Нас обступает разноголосица. Я прекращаю вскрывать новые отсеки. Хватит проникновений. Я хочу выбраться из гущи и пищи и оказаться свободным в хозяйской глотке. Я надеюсь понять, что соответствует шуму извне.
Реальность Летучего была приглушённой замесью тьмы и света. А теперь, мне кажется, наша реальность – свет. Я хочу его ощутить. Хочу понять, что значит день – даже если это опасно.
Ловкость, с которой Плавная маневрирует между дребезгом, топотом и шуршаньем, восхищает меня. Она вбегает в запахи.

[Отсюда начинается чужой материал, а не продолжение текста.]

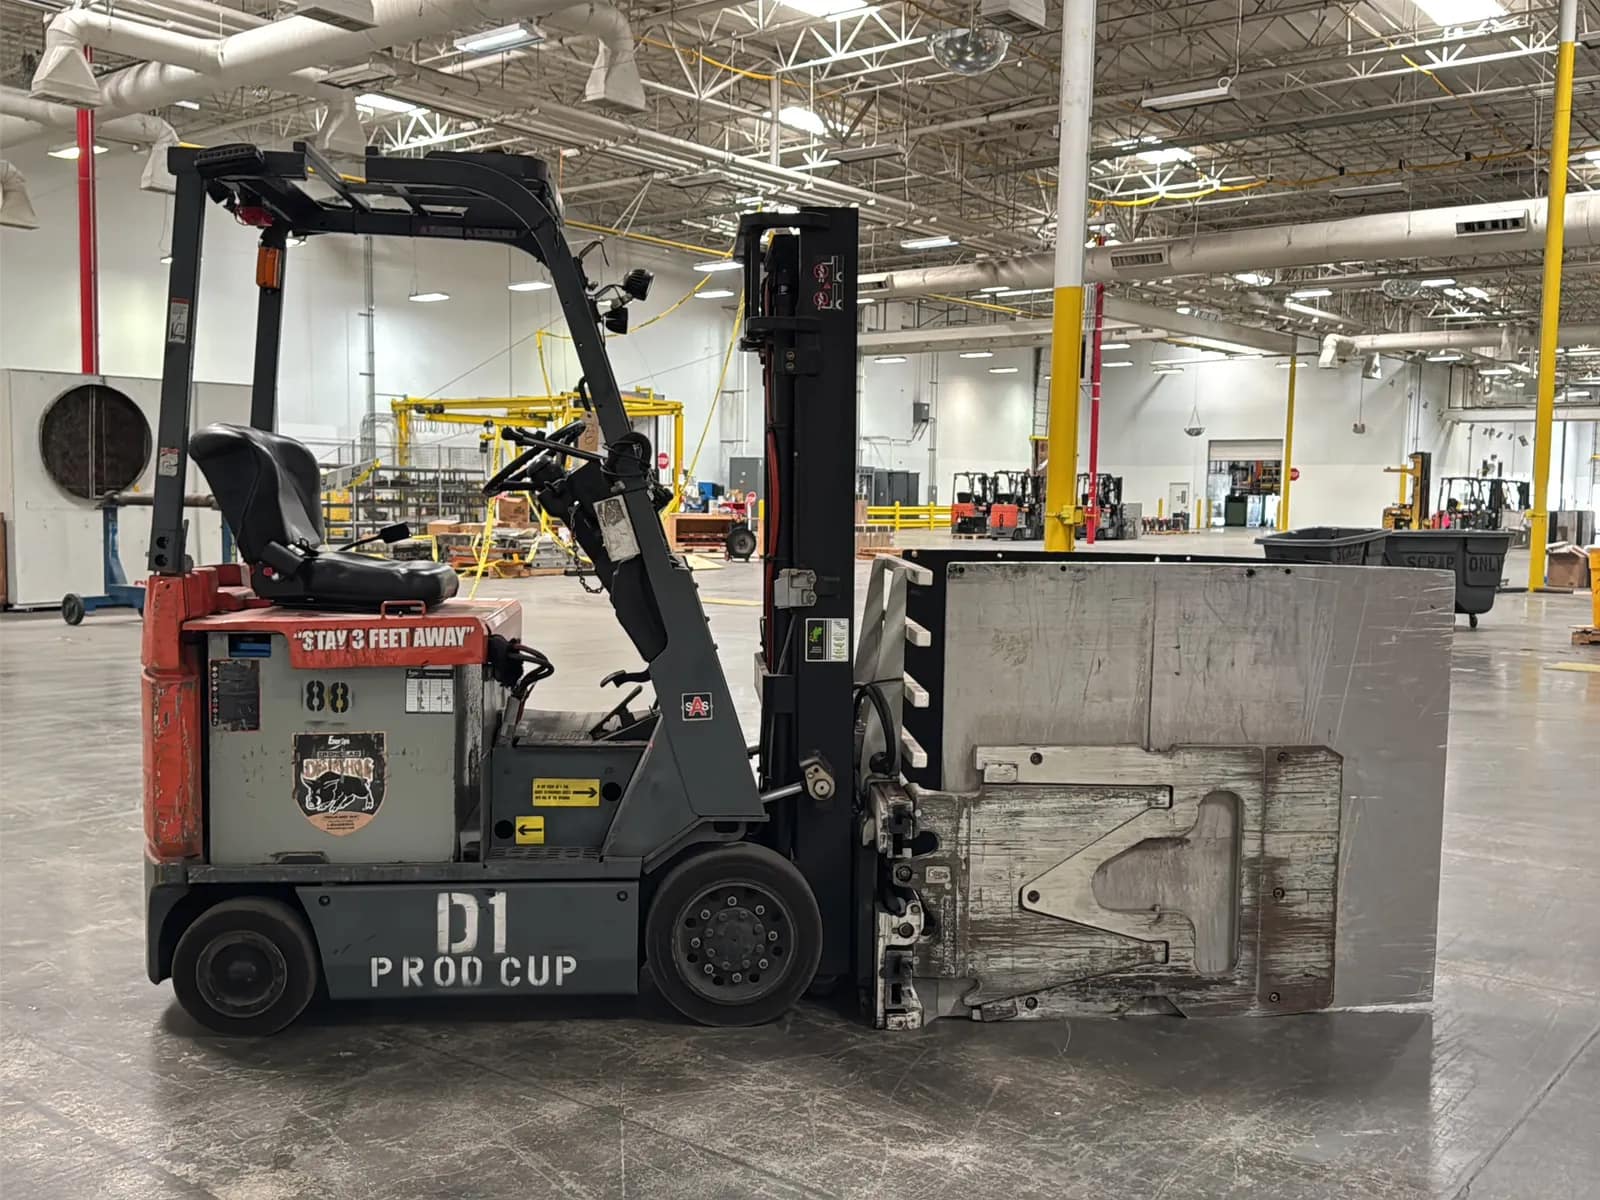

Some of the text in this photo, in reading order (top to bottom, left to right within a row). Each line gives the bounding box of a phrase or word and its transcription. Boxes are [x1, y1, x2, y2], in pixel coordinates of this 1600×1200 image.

[351, 629, 365, 649] 3
[369, 628, 409, 648] FEET
[306, 680, 349, 713] 88
[685, 696, 709, 716] SAS
[437, 892, 507, 953] D1
[370, 955, 577, 988] PROD CUP

Я выпрастываюсь из мякоти горла и болтаюсь в слизневой жидкости. Её очень много: она всё поступает и поступает из горловых резервуаров. Плавная дышит очень часто, приоткрывая и закрывая наружный мир. Запахи резче света. Они устойчивые и сменяются, не смешиваясь, целиком. Громкость разноголосицы даже теряется в них. Я думаю, что здесь, в этом насыщенном пространстве никуда не сдвинутой реальности запахи тоже становятся речью, которую я бы мог освоить. Понять, откуда они идут, кому принадлежат.
Плавная так независима и непостижимо ловка, что, кажется, она ускользает ото всех – от своих жителей-полусуществ, от существ и Гигов внешнего мира. От нас и наших возможных привязанностей. Она убегает от всего.

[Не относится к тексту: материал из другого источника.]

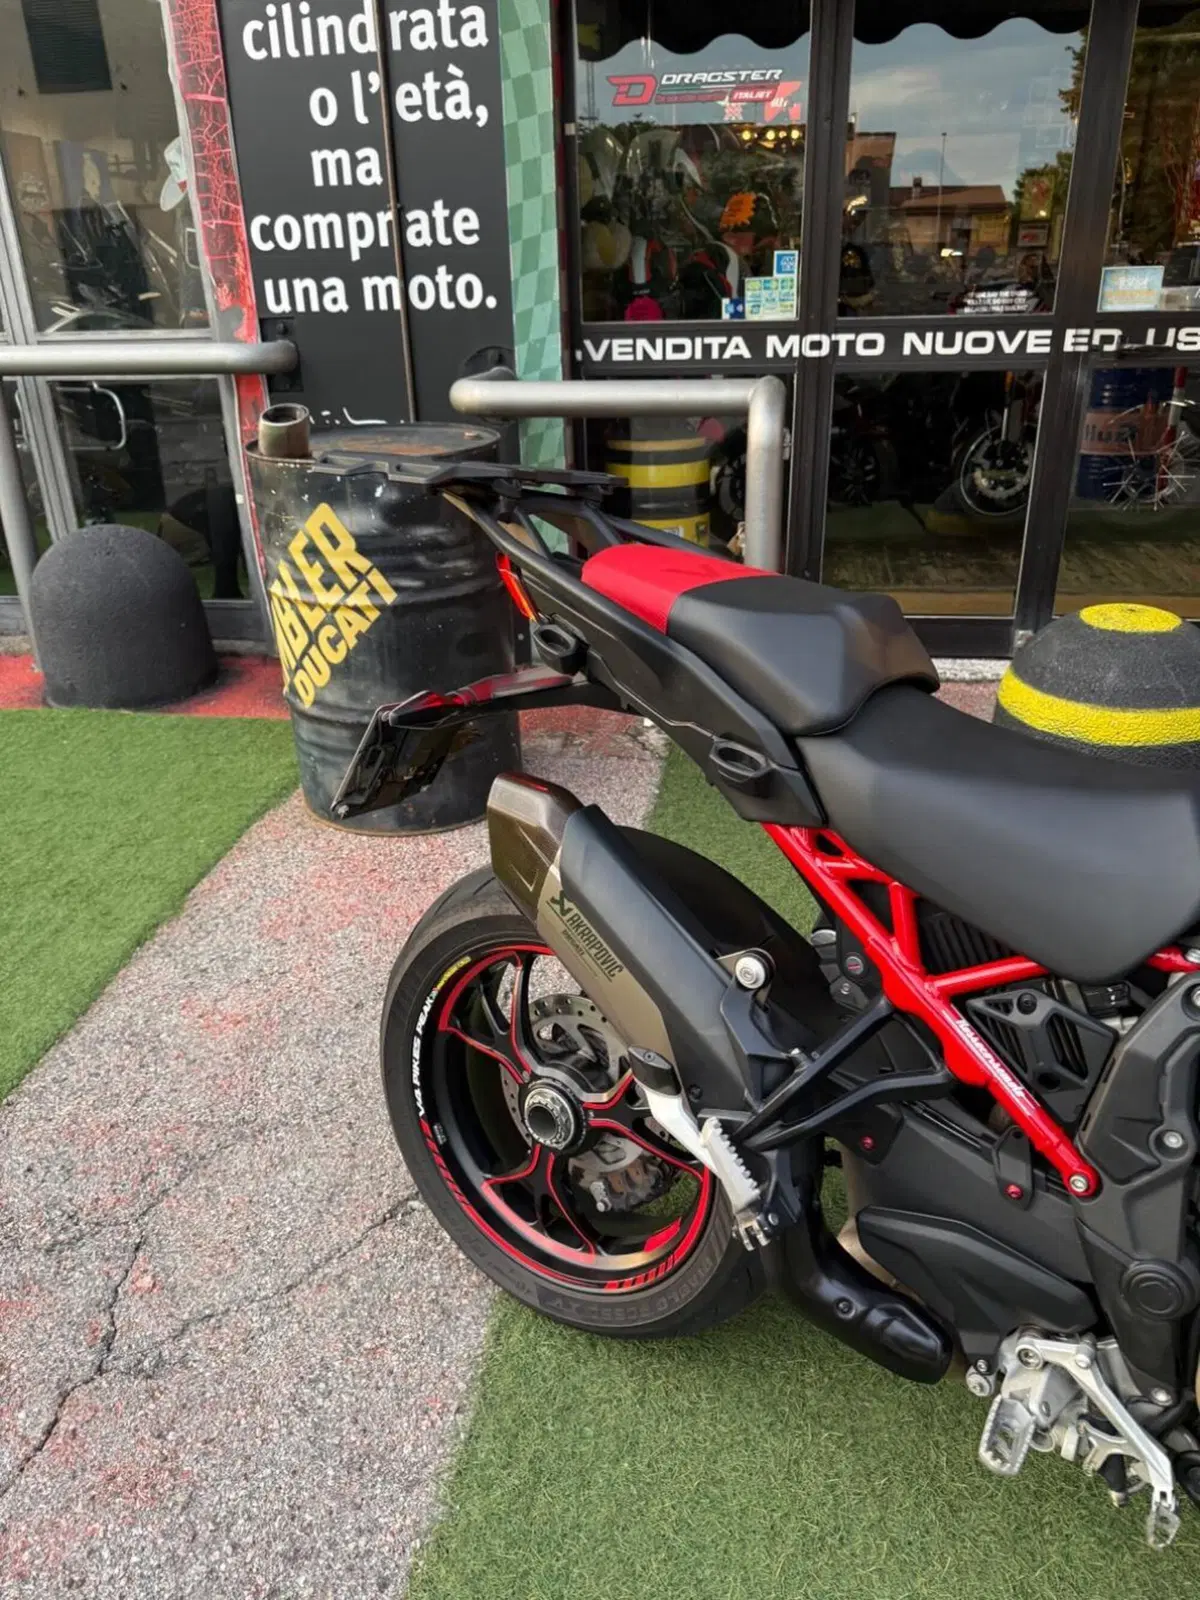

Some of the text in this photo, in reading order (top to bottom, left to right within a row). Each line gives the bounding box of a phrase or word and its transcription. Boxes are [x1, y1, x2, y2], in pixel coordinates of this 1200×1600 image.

Я понимаю её. Плавная вызывает у меня любопытство. Жадность безнаказанного интереса. Ни больше ни меньше. Но, думая о ней, я не забываю о себе. Я могу убавить силу интереса, когда захочу. Может быть, всё дело в том, что после гибели прежнего Хозяина я боюсь привязываться. Прохлада любопытства позволяет оставаться закрытым. Я не служу новой Хозяйке. Я путешествую в ней.
Ой!
Пока я думал, что-то произошло. Мир рванулся и опрокинулся. Плавная уже – Неплавная! Она обожралась запахами. Р-раз – пасть раскрылась и сомкнулась. Теперь она держит новое чужое душное, которое затыкает свет. Запах ужасен. Это мёртвое тело-мир. Слизневые потоки всё извергаются. Меня несёт к мёртвому. Как же холодно!

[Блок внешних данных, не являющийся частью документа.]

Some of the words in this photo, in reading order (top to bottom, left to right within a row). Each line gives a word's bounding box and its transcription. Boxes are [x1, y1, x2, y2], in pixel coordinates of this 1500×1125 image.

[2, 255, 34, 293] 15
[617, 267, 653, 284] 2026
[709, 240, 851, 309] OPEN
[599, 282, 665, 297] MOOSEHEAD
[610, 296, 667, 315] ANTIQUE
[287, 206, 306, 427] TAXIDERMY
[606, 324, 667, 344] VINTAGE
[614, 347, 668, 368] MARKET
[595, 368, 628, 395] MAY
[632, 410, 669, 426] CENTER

Ох! Всё сотрясает оглушительный крак. Следует удар, от неожиданности которого пасть разжимается, и я вместе со своим ужасным мёртвым пристанищем оказываюсь на свету – без Хозяйки. Мне жутко. Гомон, громовые крики, удар, удар.
– М-мя-яв!
Мы снова в пасти Плавной. Над нами громовые голоса Гигов. Они орут: «А», «О», «Э», «У» (больше я ничего не понимаю). Я отчаянно пытаюсь прикрепиться к влажным покровам гортани, я не хочу быть с мёртвым. Вдруг оно пропадает, и вот уже свет застит живое; Хозяйка ест что-то обдающее всех её жителей, оказавшихся на поверхности её крика, чужой, горячей и сладкой жидкостью. И вот уже меня швырнуло в разрушенные слои чужой мякоти, вываливающейся из отсеков.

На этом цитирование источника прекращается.